Friday Image No.213

Bolivian volcano. Olympus EM5, Panasonic 45-150 lens, ISO200, f/7.1, 1/320″.

It was 2014 when I shot this volcano image and it’s languished on my hard drive ever since. The volcano’s in Bolivia and this shot was from our base camp about halfway to the summit. Yes, I had the “pleasure” of climbing this. The lower rim (the coloured part) is 4,900m and the top part is 5,300m; I wish I could remember the name though.

Those days seemed much simpler to me in terms of camera equipment. I was using the Olympus EM5 with three lenses; 9-18mm, 12-40mm and 45-150mm. The entire kit would fit in a small shoulder bag which I could wear under my backpack. The Fuji now feels a lot larger somehow but doesn’t look when the two are side by side. I’ve even found myself considering another micro 43 camera; I suppose I should make more use of the EM5’s which I still have.

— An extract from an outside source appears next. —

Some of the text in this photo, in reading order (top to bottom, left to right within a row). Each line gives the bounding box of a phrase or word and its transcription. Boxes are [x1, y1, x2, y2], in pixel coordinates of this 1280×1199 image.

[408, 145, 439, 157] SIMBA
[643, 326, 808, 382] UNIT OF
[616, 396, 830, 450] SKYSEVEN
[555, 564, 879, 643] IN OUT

Anyway, I hope you like the image and have a great weekend.

2 thoughts on “Friday Image No.213

  1. Beautiful shot with gorgeous colors. I think you should go back to your roots and stay with the EM5 and show us how you can get outstanding pictures with a seven year old camera. The constant wanting to update to the latest and greatest camera is just a financial waste of time and unnecessary unless one’s goal is to just test new cameras. I still have a pair of EM5’s and really have little urge to replace them as, if your technique is good, then good results will follow and little difference will be evident if you used the latest expensive high pixel-do-everything camera or your trusty EM5. Camera lust is just that. I would really like to see you devote your skills to showing us how older cameras can still be relevant and simplify our lives. It would make great blogging!

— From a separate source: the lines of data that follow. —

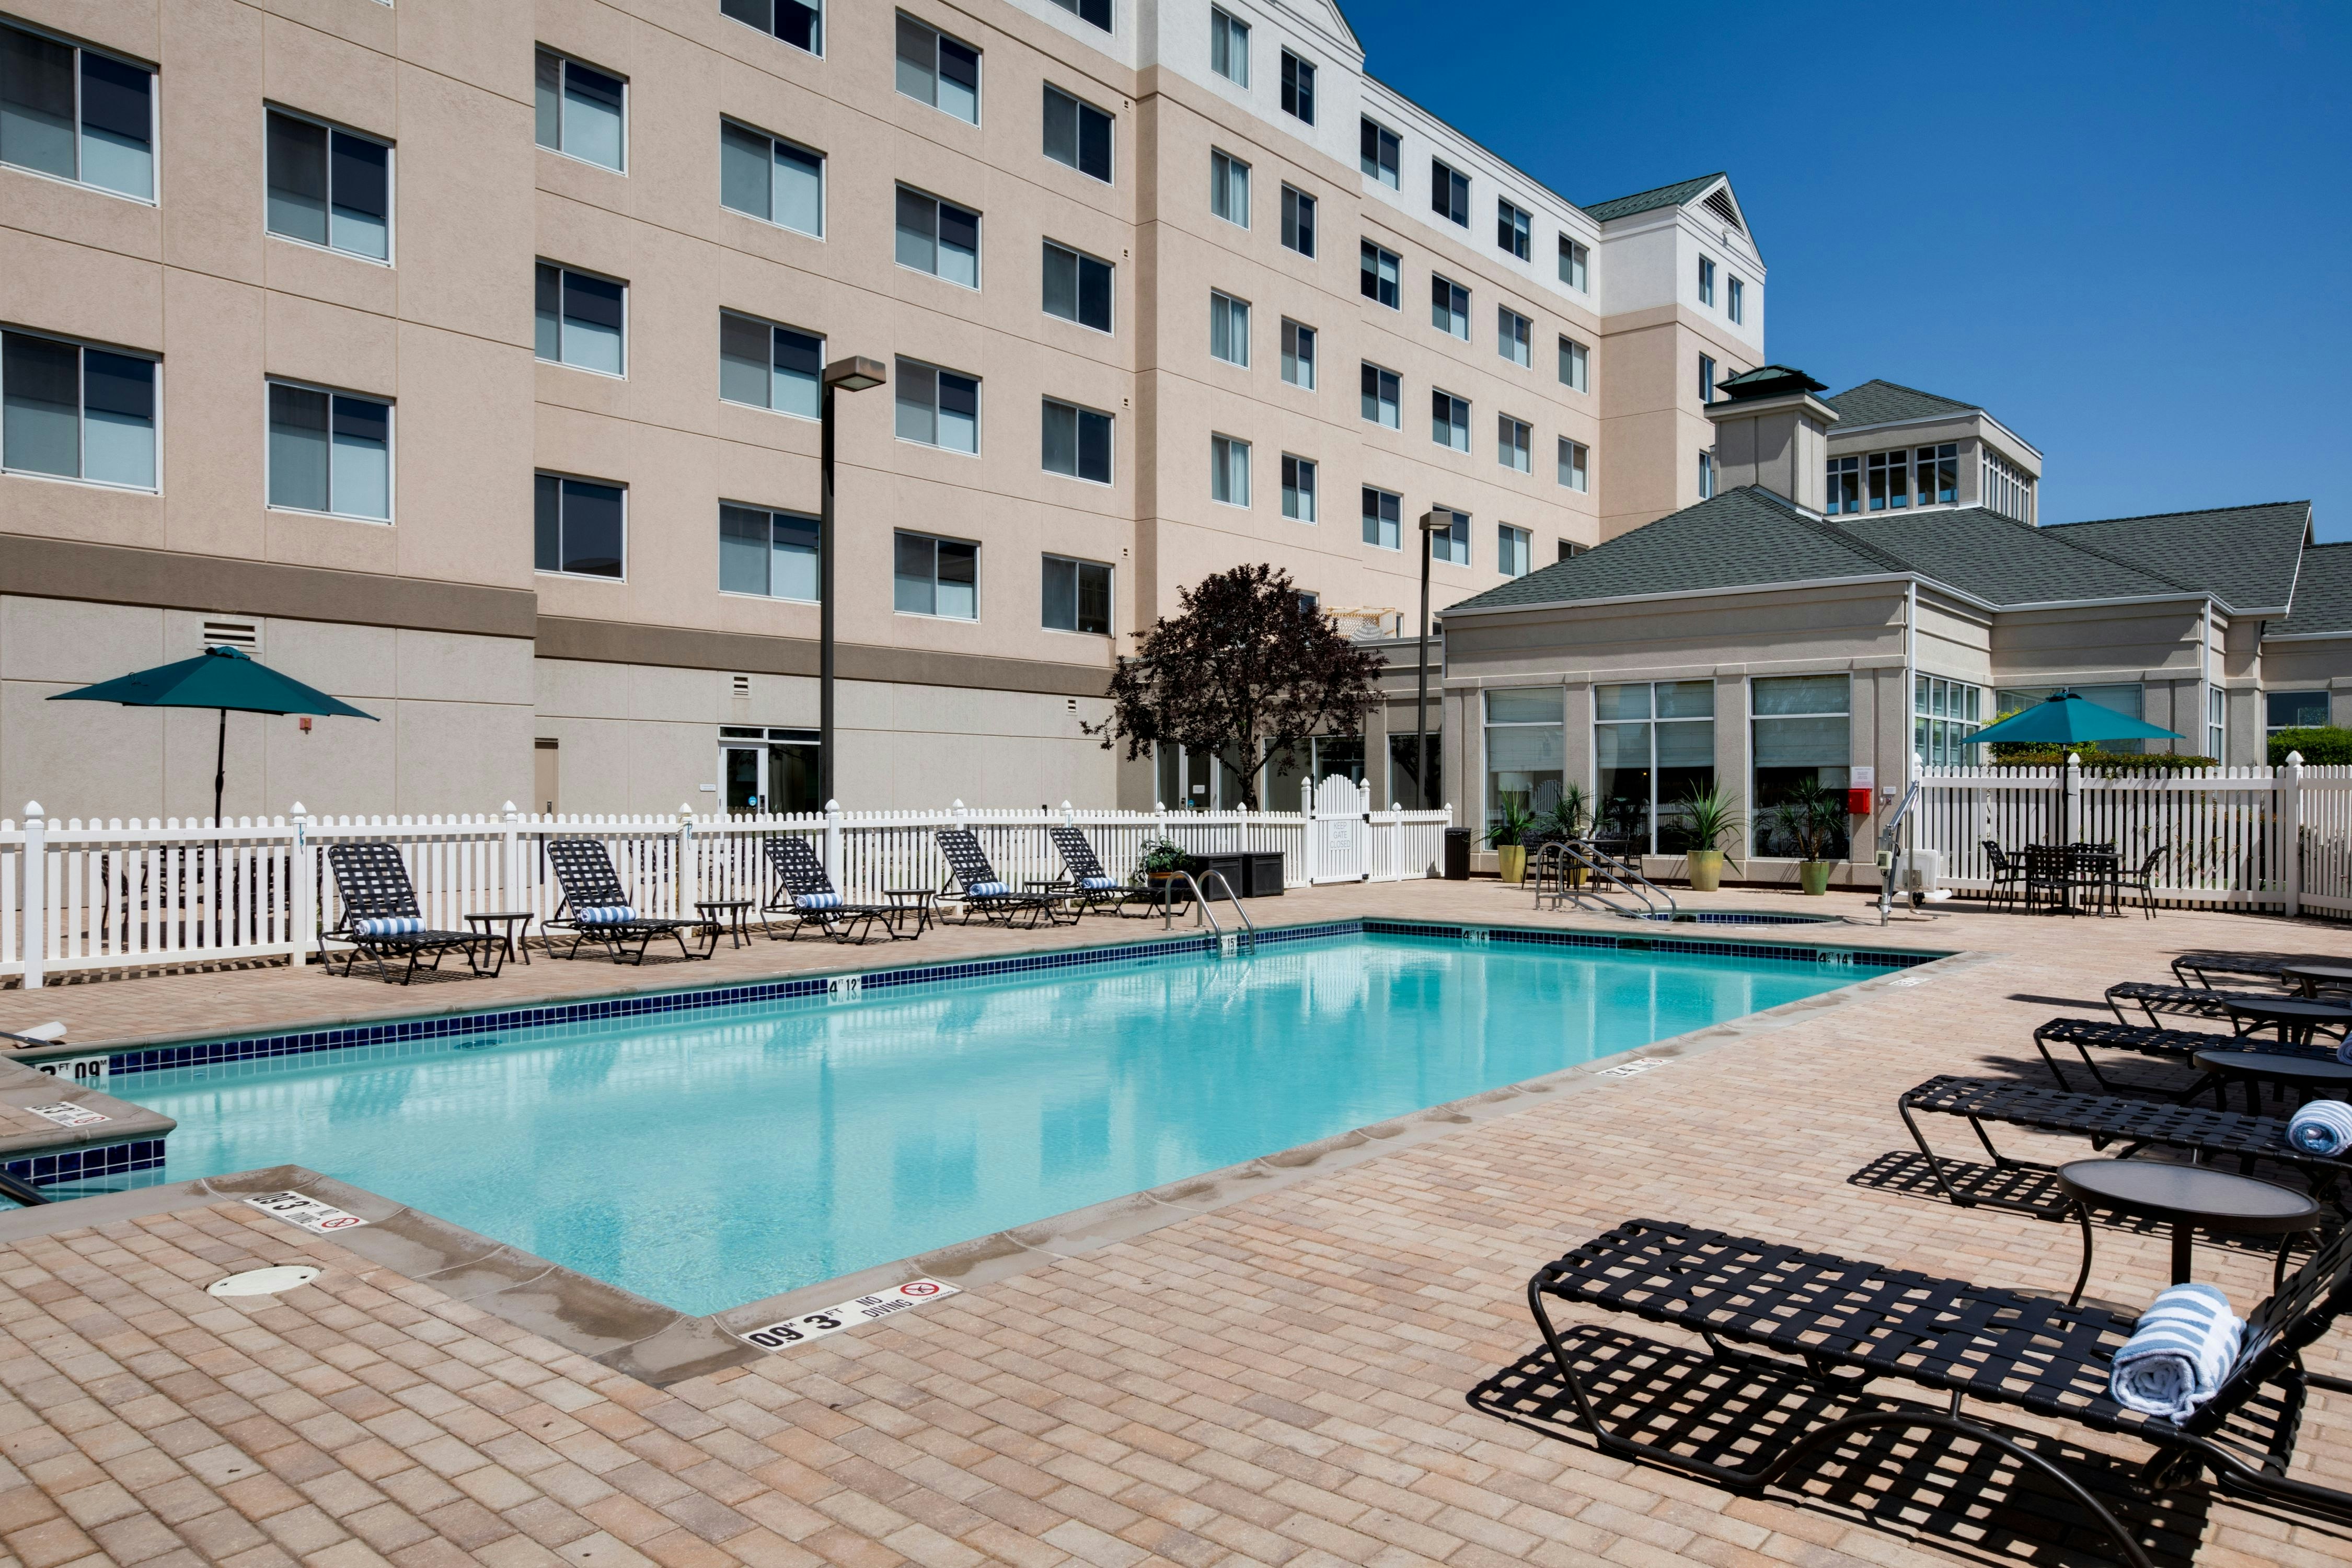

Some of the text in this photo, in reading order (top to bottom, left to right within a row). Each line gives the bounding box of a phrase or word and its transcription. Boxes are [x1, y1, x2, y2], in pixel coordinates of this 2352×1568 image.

[829, 981, 838, 992] 4
[846, 978, 857, 990] 12
[59, 1063, 71, 1071] FT
[272, 1201, 310, 1210] 3
[855, 1296, 883, 1307] NO
[861, 1299, 915, 1318] DIVING
[803, 1315, 841, 1329] 3
[824, 1308, 844, 1316] FT

    1. Thanks John. When I talk about buying a new M43 camera it’s actually a used one that I’m considering. The EM5 is great and I will keep it. The one I had converted to Infrared hasn’t had too much use but the regular one had about four years of very heavy use. I am intending to do more regarding using older cameras, the D800 I bought last year is a case in point. I got it for a bargain because everyone was switching to the D850. I would lay money on the fact that 99% of the people switching wouldn’t be able to tell the difference in the image quality.